» **DESCRIPTION OF THE TASK**
With the pictures removed, the data below must be transcribed in full and exactly.

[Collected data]
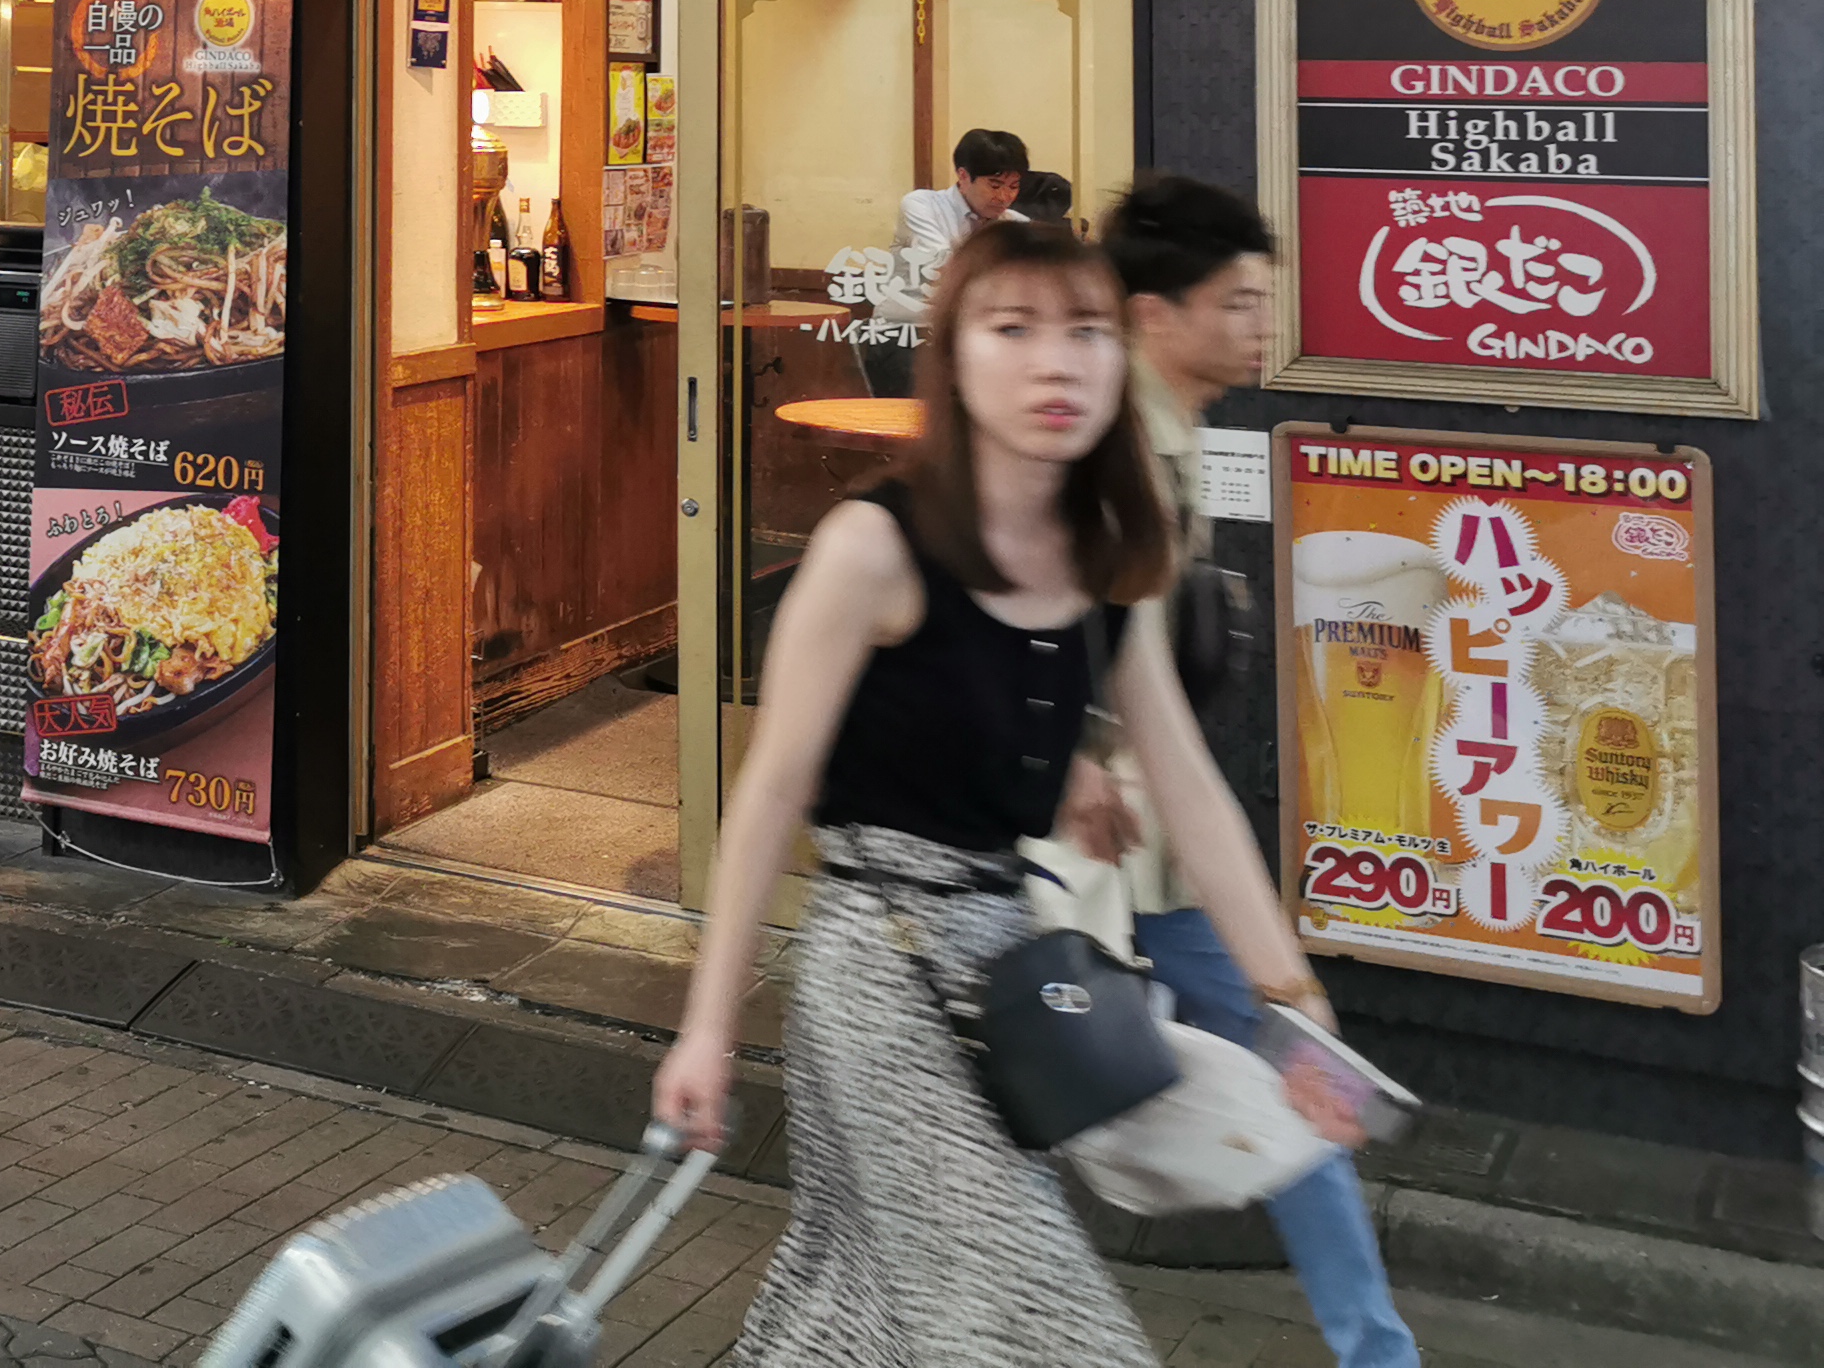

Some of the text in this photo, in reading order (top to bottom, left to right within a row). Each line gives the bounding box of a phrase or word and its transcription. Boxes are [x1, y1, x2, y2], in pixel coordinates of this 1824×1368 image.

[87, 0, 163, 32] 自慢の
[84, 34, 136, 65] 一品
[195, 51, 251, 61] GINDACO
[1390, 64, 1625, 98] GINDACO
[63, 73, 274, 159] 焼そば
[1405, 109, 1618, 151] Highball
[1431, 142, 1600, 176] Sakaba
[1388, 188, 1484, 228] 築地
[1391, 225, 1607, 318] 銀だこ
[1467, 323, 1654, 364] GINDACO
[52, 431, 171, 462] ソース焼そば
[1300, 444, 1399, 481] TIME
[175, 451, 264, 490] 620円
[1338, 597, 1394, 621] The
[1314, 618, 1421, 653] PREMIUM
[1450, 513, 1553, 922] ハッピーアワー
[40, 739, 160, 778] お好み焼そば
[1586, 765, 1650, 790] Whisky
[165, 769, 255, 815] 730円
[1311, 846, 1451, 910] 290円
[1569, 858, 1655, 880] 角ハイボール
[1542, 879, 1695, 946] 200円
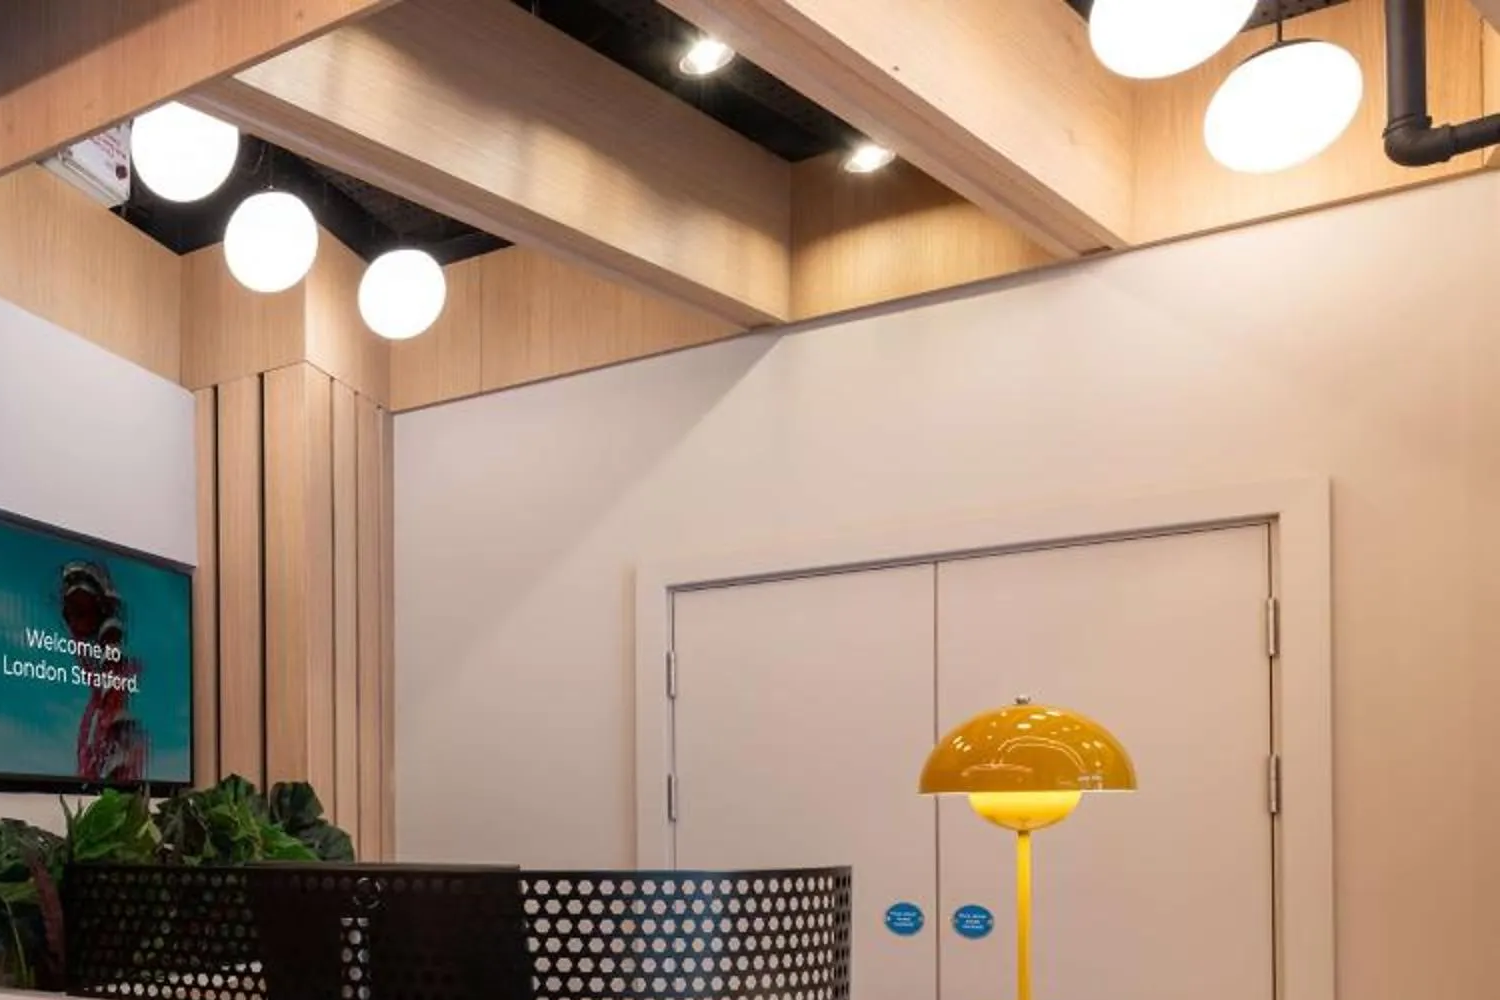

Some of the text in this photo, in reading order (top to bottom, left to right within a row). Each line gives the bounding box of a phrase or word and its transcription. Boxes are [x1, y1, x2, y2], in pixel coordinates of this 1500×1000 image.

[26, 627, 121, 662] Welcome to
[3, 654, 67, 683] London

» **EXERCISE SOLUTION**
Some of the text in this photo, in reading order (top to bottom, left to right within a row). Each line gives the bounding box of a phrase or word and its transcription. Boxes are [x1, y1, x2, y2], in pixel coordinates of this 1824×1368 image.

[87, 0, 163, 32] 自慢の
[84, 34, 136, 65] 一品
[195, 51, 251, 61] GINDACO
[1390, 64, 1625, 98] GINDACO
[63, 73, 274, 159] 焼そば
[1405, 109, 1618, 151] Highball
[1431, 142, 1600, 176] Sakaba
[1388, 188, 1484, 228] 築地
[1391, 225, 1607, 318] 銀だこ
[1467, 323, 1654, 364] GINDACO
[52, 431, 171, 462] ソース焼そば
[1300, 444, 1399, 481] TIME
[175, 451, 264, 490] 620円
[1338, 597, 1394, 621] The
[1314, 618, 1421, 653] PREMIUM
[1450, 513, 1553, 922] ハッピーアワー
[40, 739, 160, 778] お好み焼そば
[1586, 765, 1650, 790] Whisky
[165, 769, 255, 815] 730円
[1311, 846, 1451, 910] 290円
[1569, 858, 1655, 880] 角ハイボール
[1542, 879, 1695, 946] 200円

Some of the text in this photo, in reading order (top to bottom, left to right within a row). Each line gives the bounding box of a phrase or word and its transcription. Boxes are [x1, y1, x2, y2], in pixel coordinates of this 1500×1000 image.

[26, 627, 121, 662] Welcome to
[3, 654, 67, 683] London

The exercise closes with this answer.